I didn’t really know that bravery was calling me this year, until it did. Every situation around me was asking me to step into, or hunt it down or take one step closer.

…and I started whispering my little mantra to myself each time I was faced with some thing big or even something small that felt big… “Be brave and kind, it’s all you have to do, be brave and kind.”

maybe being brave is saying the words that are hard to speak, or to say nothing at all…

maybe being brave is making the next move, when it feels like there may not be any left…

maybe being brave is trusting you are enough…

maybe being brave is holding on, holding hope just a little tighter or by your last finger grip…

maybe being brave is believing what you hope is true, stepping boldly into joy…

Whatever it is, I know we are not meant to be brave alone, even though we face our worlds on our own.
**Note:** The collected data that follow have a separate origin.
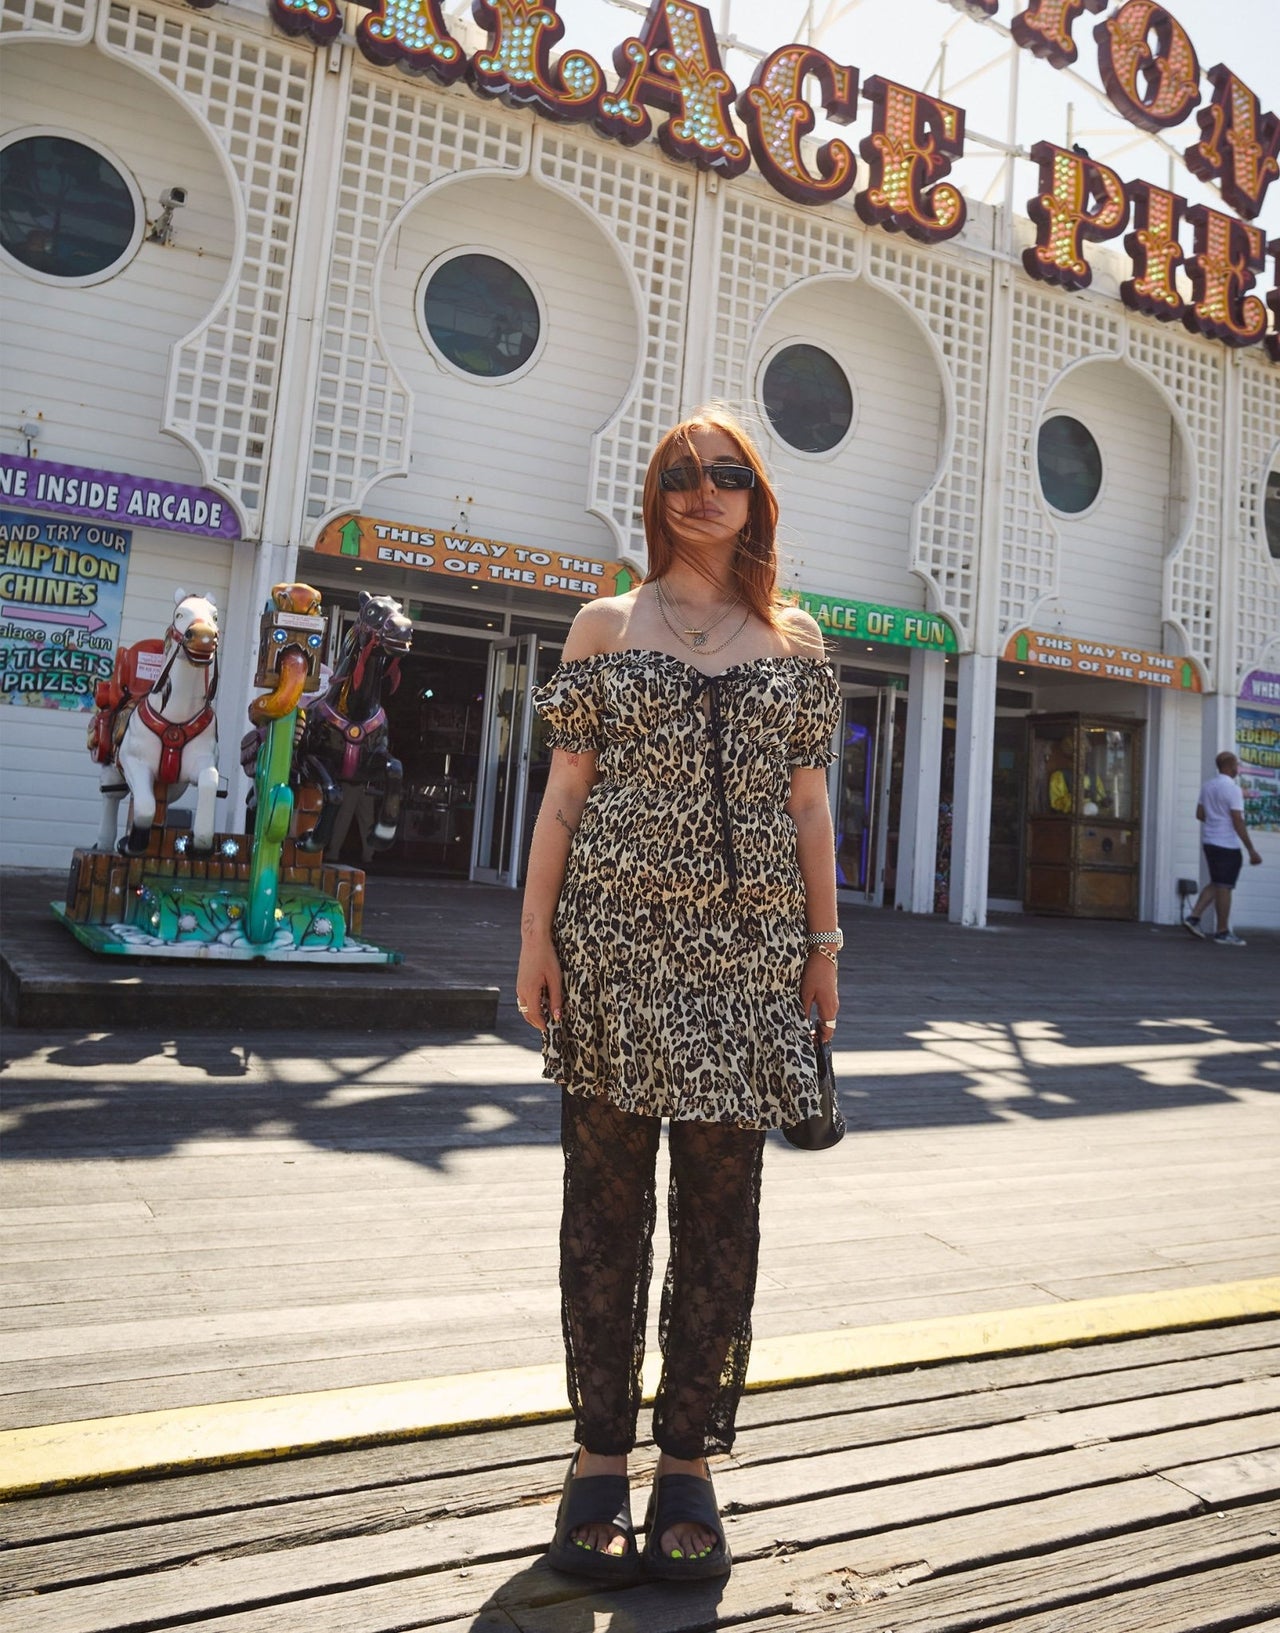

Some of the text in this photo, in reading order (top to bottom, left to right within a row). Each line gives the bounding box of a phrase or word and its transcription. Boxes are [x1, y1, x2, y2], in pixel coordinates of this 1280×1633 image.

[1022, 140, 1280, 361] PIE
[36, 473, 120, 512] INSIDE
[127, 489, 223, 528] ARCADE
[46, 524, 82, 541] TRY
[87, 527, 126, 553] OUR
[374, 524, 605, 576] THIS WAY TO THE
[377, 547, 598, 595] END OF THE PIER
[51, 628, 74, 648] of
[77, 630, 112, 650] Fun
[867, 611, 895, 635] OF
[904, 617, 946, 644] FUN
[13, 649, 113, 677] TICKETS
[1035, 635, 1175, 670] THIS WAY TO THE
[1038, 653, 1172, 685] END OF THE PIER
[3, 672, 89, 695] PRIZES
I remember years ago when I was very, very pregnant and our family was going through a very hard time. Depression had fallen over our house (for Jorge) and in the way where everything sort of fell apart , everything I knew over the years was looming suddenly became so clear.
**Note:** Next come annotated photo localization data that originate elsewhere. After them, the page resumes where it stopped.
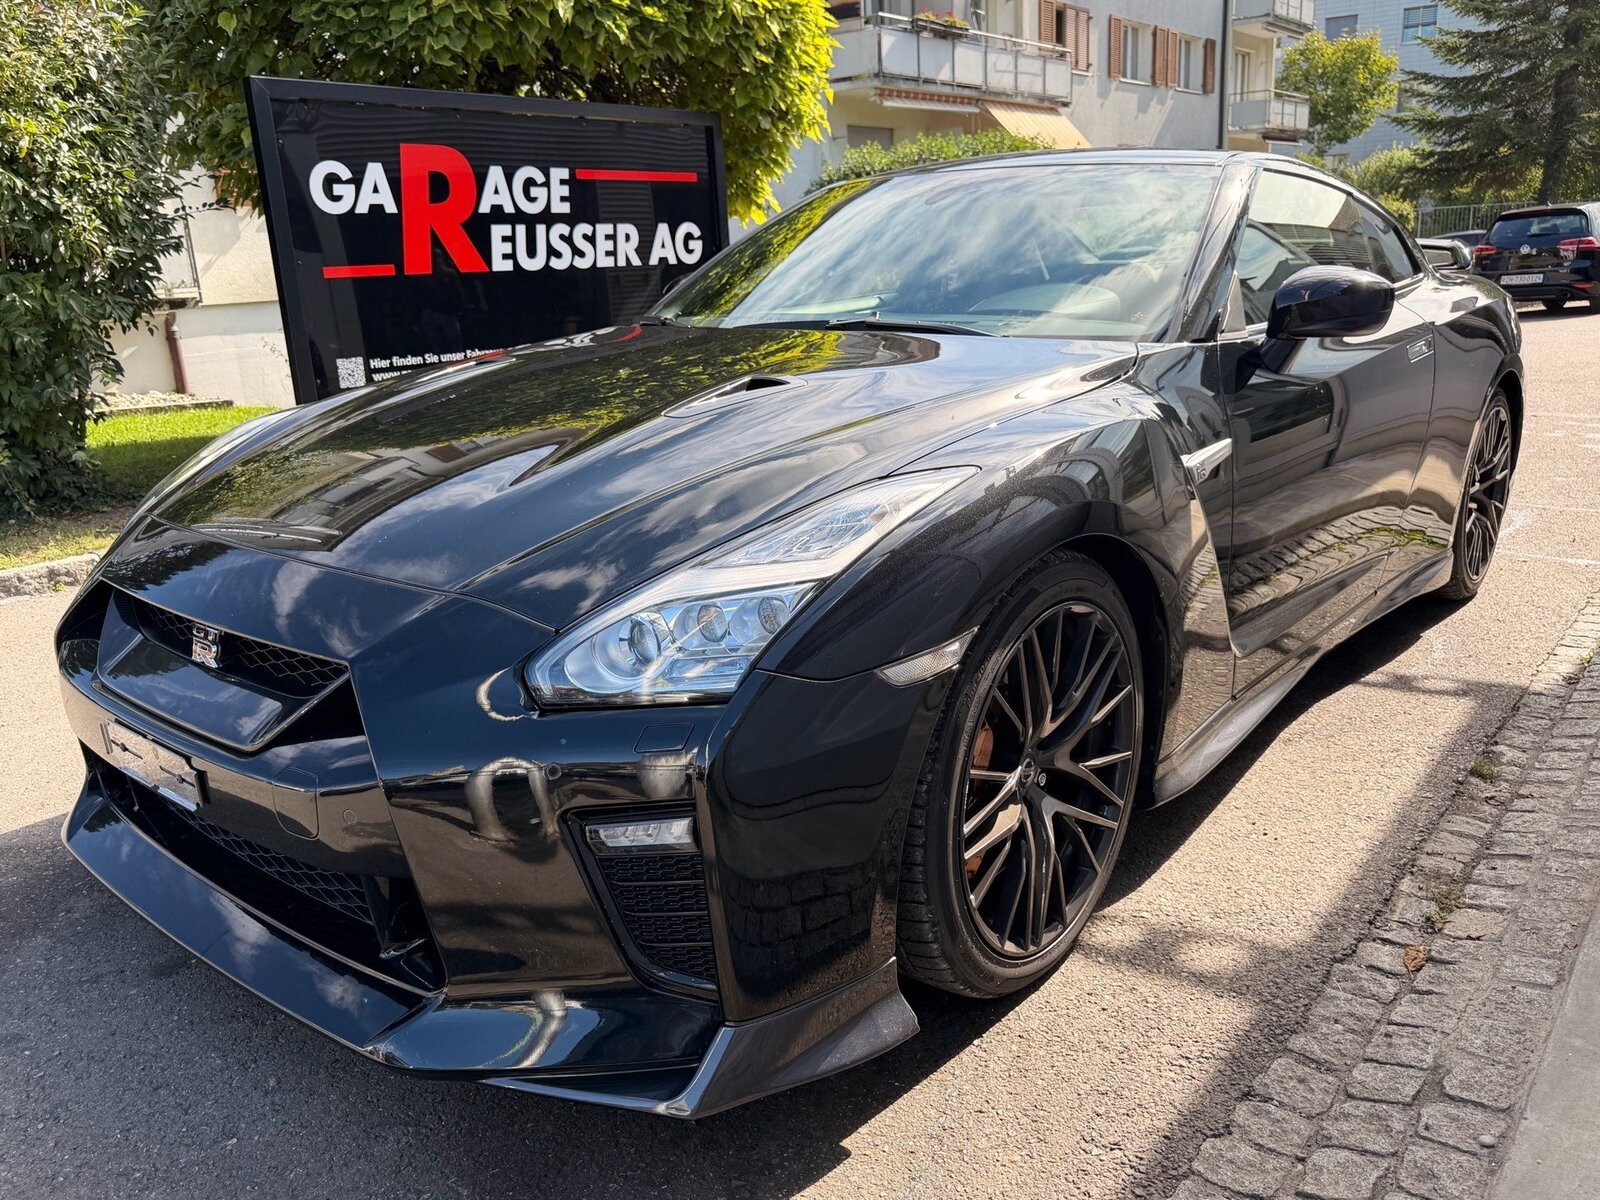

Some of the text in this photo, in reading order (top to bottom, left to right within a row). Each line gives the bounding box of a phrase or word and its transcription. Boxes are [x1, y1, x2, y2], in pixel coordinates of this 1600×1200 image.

[308, 142, 571, 275] GARAGE
[649, 222, 704, 266] AG
[370, 359, 390, 369] Hier
[392, 355, 423, 366] finden
[424, 353, 439, 363] Sie
[441, 351, 465, 361] unser
While we were finding our way through, my dear friend Heather offered to give me a massage therapy session. During the session, at a point of finally being relaxed after holding so much, I closed my eyes and this very clear picture came into my mind like a giant movie screen.

I was walking up a huge hill, each step taking all my energy, at one weary moment I turned around, and a massive group of people were behind me, rows and rows, as far as the eye could see… holding hands, locked together like an army. It was a walk of bravery ahead, but even in all the darkness, the kindness was behind me.

So when Suzanne and I started to dream of what we wanted our soulsisterhood to be, we both knew Be Brave and Kind would be part of what we wanted in the world (I wrote about it here first). …and yet it feels more like part of our dream is that this art would bring people together like the rows, like hands locked together.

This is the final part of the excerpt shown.